───── Records supplied ─────

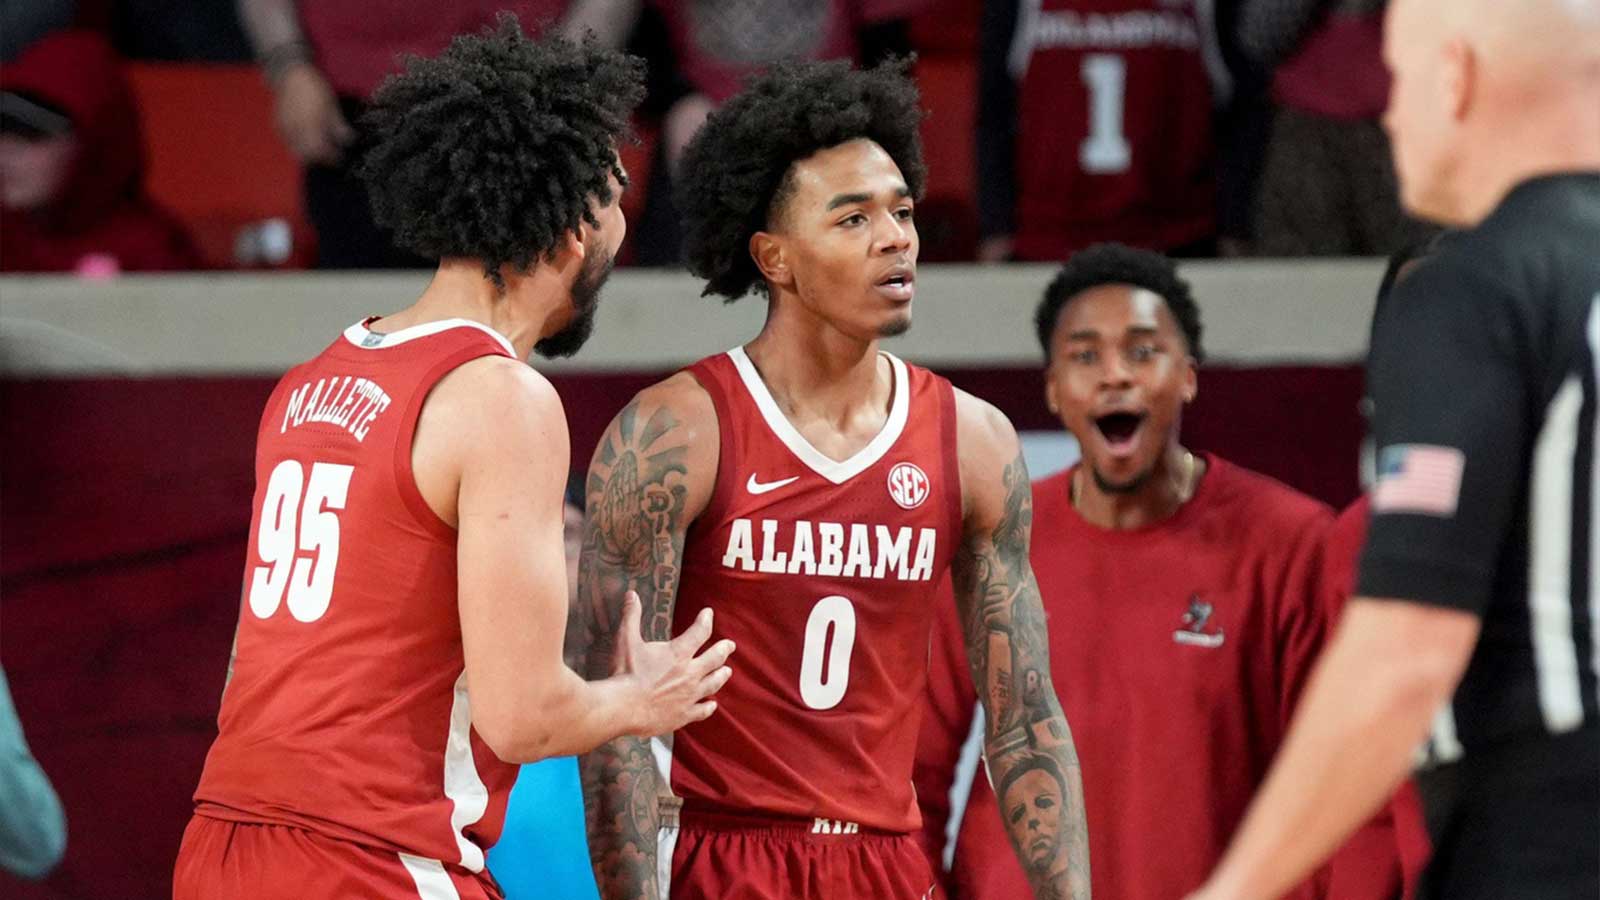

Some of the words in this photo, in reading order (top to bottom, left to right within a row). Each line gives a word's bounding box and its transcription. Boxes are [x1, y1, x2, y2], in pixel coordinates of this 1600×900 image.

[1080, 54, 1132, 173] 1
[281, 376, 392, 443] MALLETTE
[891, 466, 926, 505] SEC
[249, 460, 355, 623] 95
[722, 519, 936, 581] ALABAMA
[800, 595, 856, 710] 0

─────

## Task instructions
A faithful copy of every entry is needed, omitting each image.

## Output below
Some of the words in this photo, in reading order (top to bottom, left to right within a row). Each line gives a word's bounding box and its transcription. Boxes are [x1, y1, x2, y2], in pixel coordinates of this 1600×900 image.

[1080, 54, 1132, 173] 1
[281, 376, 392, 443] MALLETTE
[891, 466, 926, 505] SEC
[249, 460, 355, 623] 95
[722, 519, 936, 581] ALABAMA
[800, 595, 856, 710] 0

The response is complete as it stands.